**** Data for processing ****

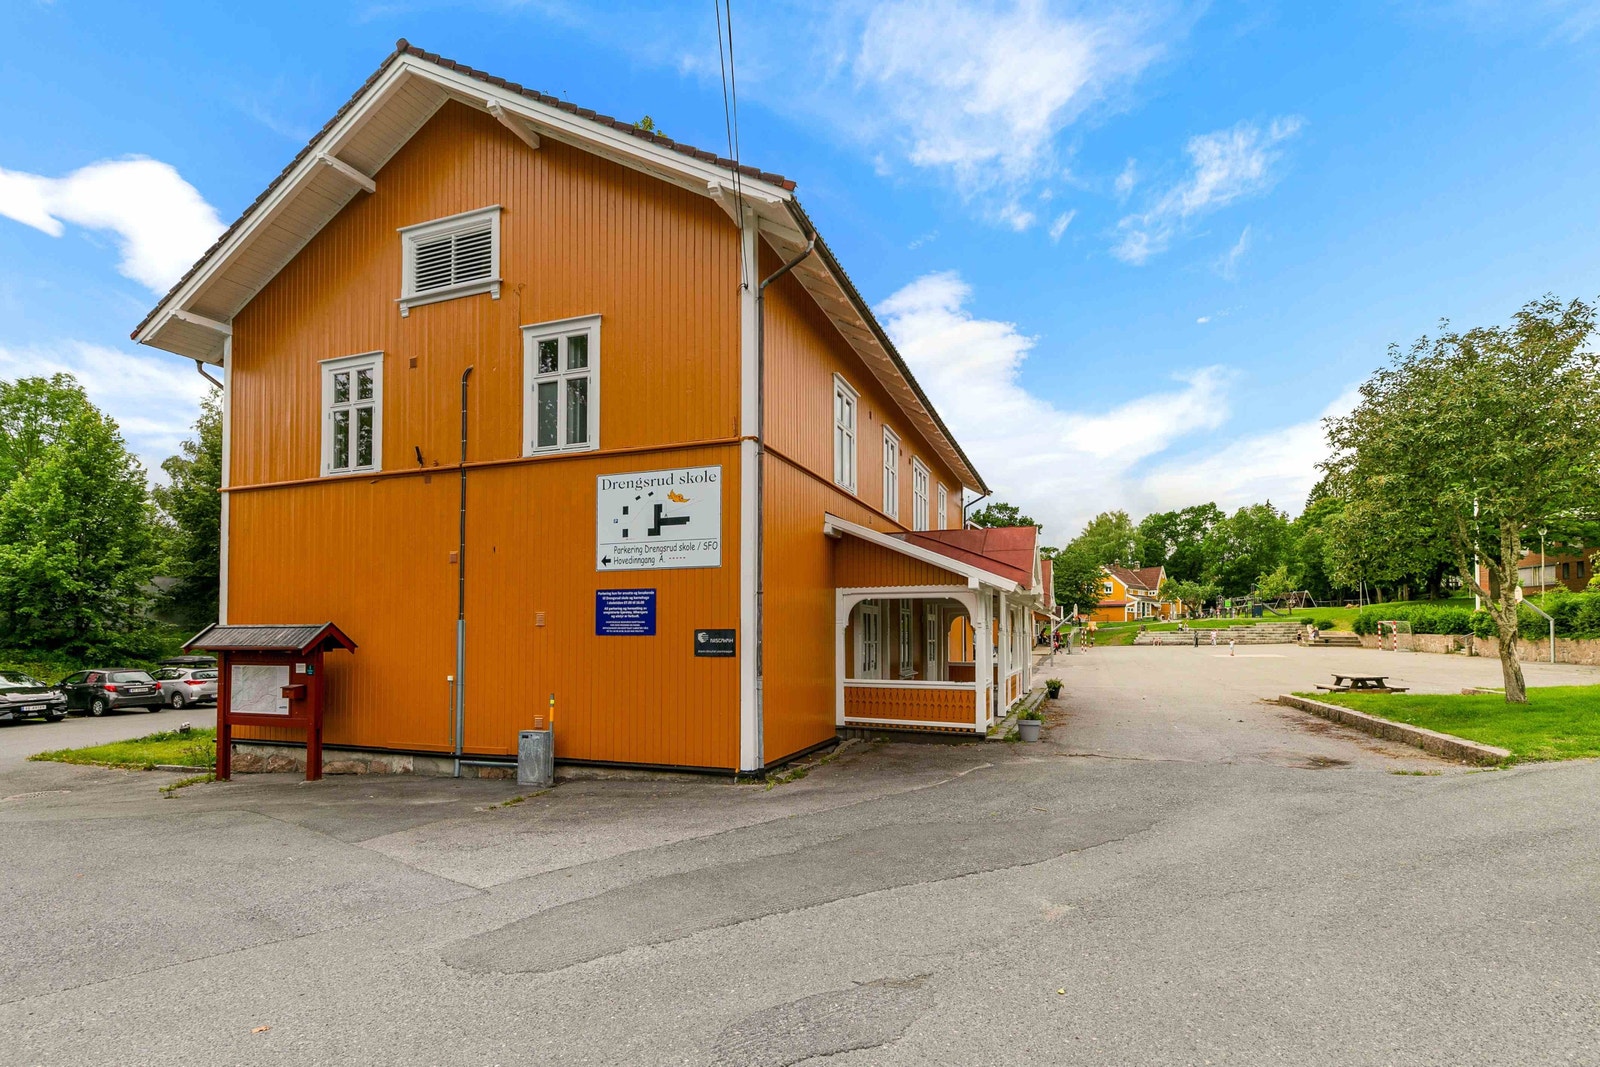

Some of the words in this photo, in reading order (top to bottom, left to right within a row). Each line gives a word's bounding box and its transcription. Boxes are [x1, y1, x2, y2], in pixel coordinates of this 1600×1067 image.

[602, 472, 674, 491] Drengsrud
[679, 470, 717, 485] skole
[613, 545, 643, 556] Parkering
[644, 543, 677, 555] Drengsrud
[678, 542, 695, 552] skole
[703, 541, 718, 551] SFO
[613, 555, 656, 566] Hovedinngang

****

#### Exercise:
Repeat all the material exactly, but keep pictures out of the copy.

#### Response to the exercise:
Some of the words in this photo, in reading order (top to bottom, left to right within a row). Each line gives a word's bounding box and its transcription. Boxes are [x1, y1, x2, y2], in pixel coordinates of this 1600×1067 image.

[602, 472, 674, 491] Drengsrud
[679, 470, 717, 485] skole
[613, 545, 643, 556] Parkering
[644, 543, 677, 555] Drengsrud
[678, 542, 695, 552] skole
[703, 541, 718, 551] SFO
[613, 555, 656, 566] Hovedinngang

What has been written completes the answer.